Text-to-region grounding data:
-.-.-

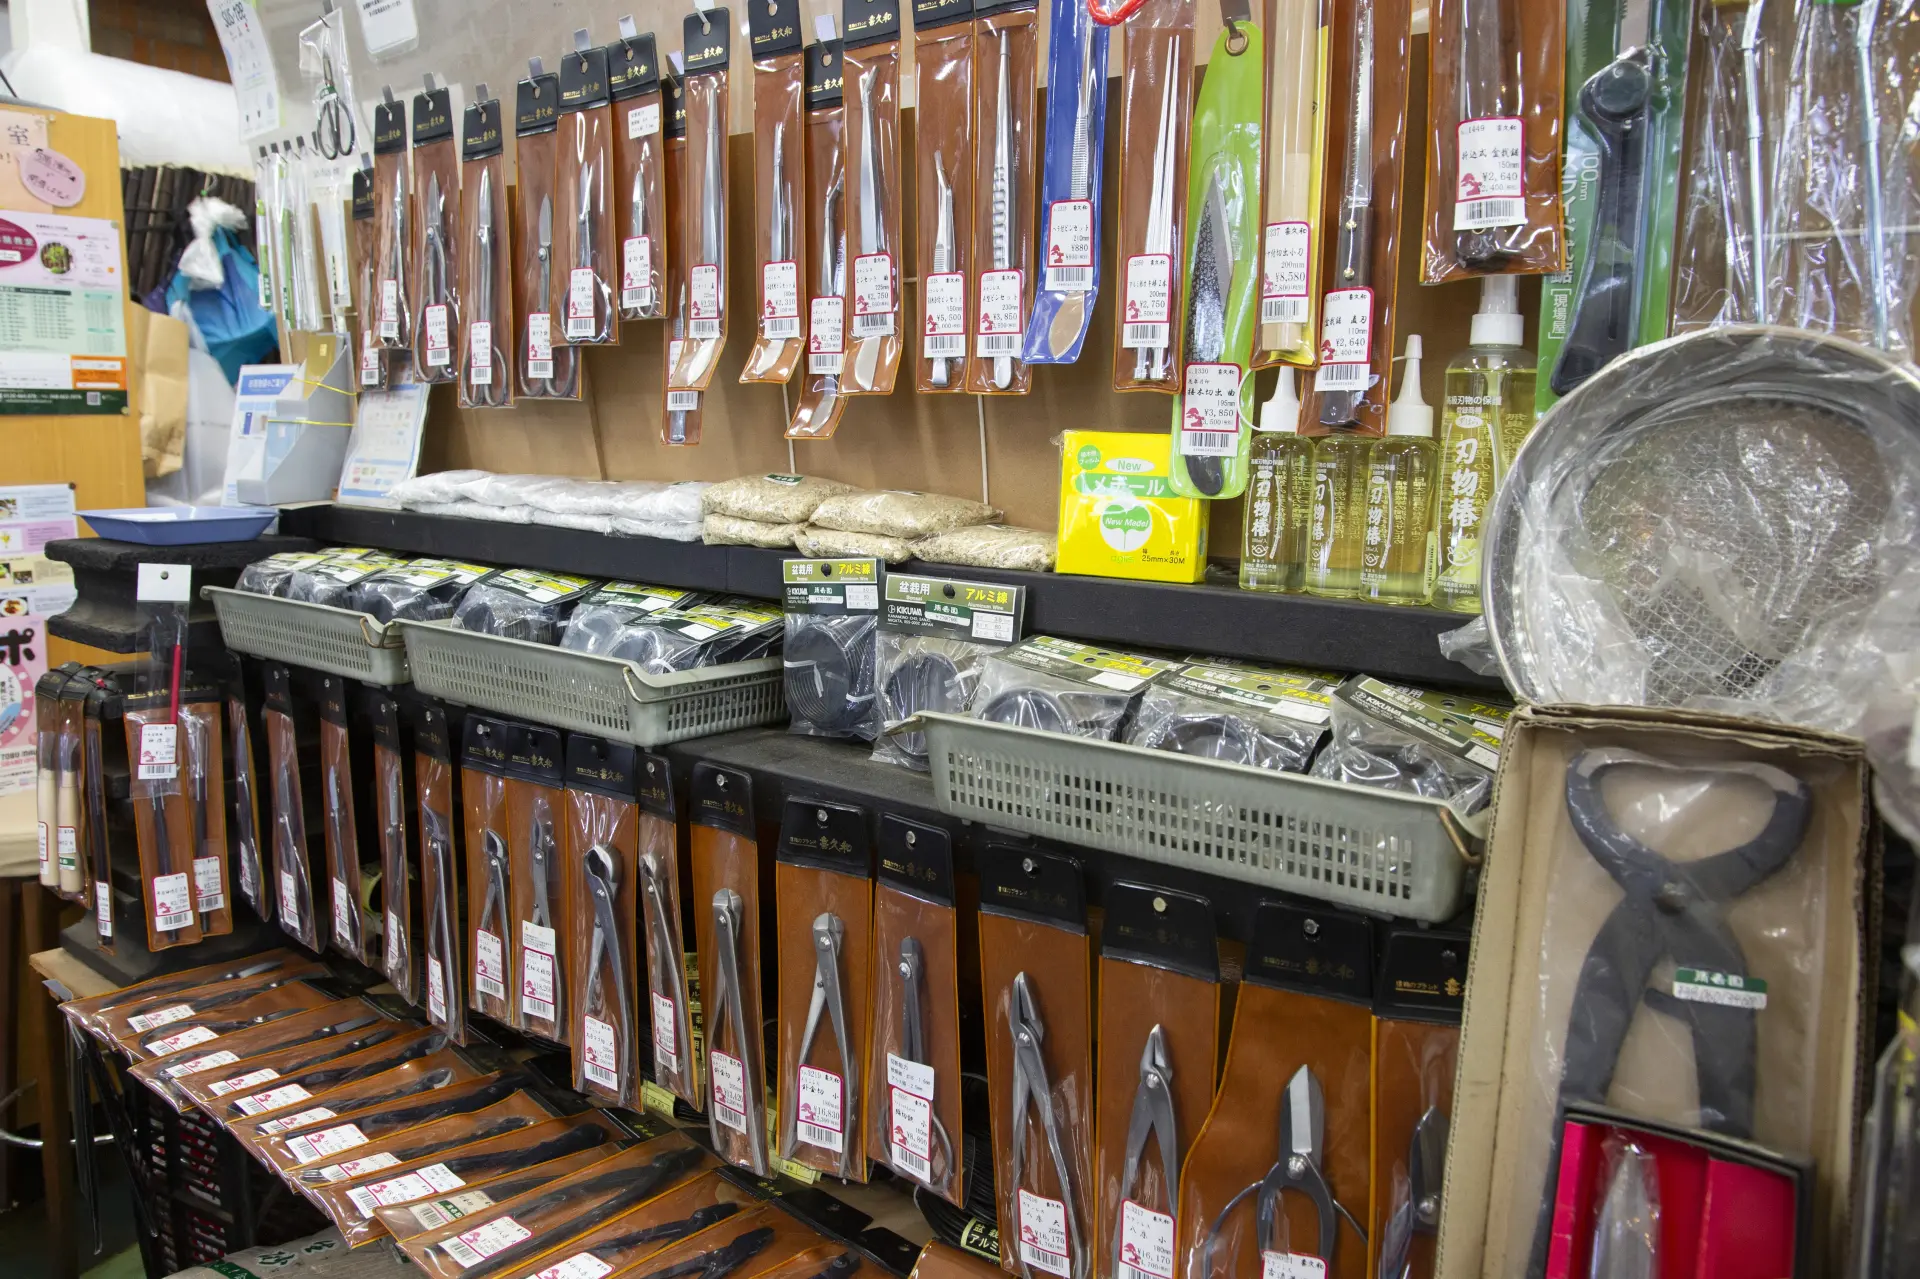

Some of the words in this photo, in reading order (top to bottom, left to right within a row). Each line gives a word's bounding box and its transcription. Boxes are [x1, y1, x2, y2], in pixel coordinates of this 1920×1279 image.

[868, 12, 892, 26] 喜久和
[772, 26, 792, 39] 喜久和
[704, 46, 723, 58] 喜久和
[627, 64, 647, 78] 喜久和
[582, 82, 599, 96] 喜久和
[1483, 172, 1518, 181] ¥2,640
[1580, 152, 1599, 200] 100mm
[1276, 272, 1305, 282] ¥8,580
[1336, 338, 1365, 347] ¥2,640
[1118, 460, 1141, 470] New
[1095, 476, 1164, 496] メデール
[1449, 438, 1479, 527] 刃物椿
[1251, 481, 1271, 537] 刃物椿
[1312, 484, 1326, 541] 刃物椿
[1366, 487, 1383, 545] 刃物椿
[792, 564, 813, 575] 盆栽用
[838, 563, 870, 575] アルミ線
[899, 581, 930, 595] 盆栽用
[966, 588, 1008, 604] アルミ線
[896, 606, 922, 616] KIKUWA
[1366, 697, 1402, 716] KIKUWA
[485, 747, 504, 761] 喜久和
[531, 754, 552, 768] 喜久和
[600, 768, 623, 782] 喜久和
[724, 800, 745, 816] 喜久和
[819, 835, 852, 853] 喜久和
[906, 862, 936, 881] 喜久和
[1306, 957, 1354, 979] 喜久和
[730, 1059, 741, 1068] 喜久和
[825, 1074, 840, 1083] 喜久和
[802, 1084, 824, 1095] 針金切
[814, 1105, 839, 1120] ¥16,830
[1153, 1216, 1169, 1224] 喜久和
[1035, 1230, 1064, 1244] ¥16,170
[1137, 1248, 1170, 1264] ¥16,170
[1301, 1259, 1324, 1269] 喜久和

-.-.-

WHAT THE TASK REQUIRES - When you give the entries again, keep them exact and omit any picture they contain.

WRITTEN ANSWER -
Some of the words in this photo, in reading order (top to bottom, left to right within a row). Each line gives a word's bounding box and its transcription. Boxes are [x1, y1, x2, y2], in pixel coordinates of this 1920×1279 image.

[868, 12, 892, 26] 喜久和
[772, 26, 792, 39] 喜久和
[704, 46, 723, 58] 喜久和
[627, 64, 647, 78] 喜久和
[582, 82, 599, 96] 喜久和
[1483, 172, 1518, 181] ¥2,640
[1580, 152, 1599, 200] 100mm
[1276, 272, 1305, 282] ¥8,580
[1336, 338, 1365, 347] ¥2,640
[1118, 460, 1141, 470] New
[1095, 476, 1164, 496] メデール
[1449, 438, 1479, 527] 刃物椿
[1251, 481, 1271, 537] 刃物椿
[1312, 484, 1326, 541] 刃物椿
[1366, 487, 1383, 545] 刃物椿
[792, 564, 813, 575] 盆栽用
[838, 563, 870, 575] アルミ線
[899, 581, 930, 595] 盆栽用
[966, 588, 1008, 604] アルミ線
[896, 606, 922, 616] KIKUWA
[1366, 697, 1402, 716] KIKUWA
[485, 747, 504, 761] 喜久和
[531, 754, 552, 768] 喜久和
[600, 768, 623, 782] 喜久和
[724, 800, 745, 816] 喜久和
[819, 835, 852, 853] 喜久和
[906, 862, 936, 881] 喜久和
[1306, 957, 1354, 979] 喜久和
[730, 1059, 741, 1068] 喜久和
[825, 1074, 840, 1083] 喜久和
[802, 1084, 824, 1095] 針金切
[814, 1105, 839, 1120] ¥16,830
[1153, 1216, 1169, 1224] 喜久和
[1035, 1230, 1064, 1244] ¥16,170
[1137, 1248, 1170, 1264] ¥16,170
[1301, 1259, 1324, 1269] 喜久和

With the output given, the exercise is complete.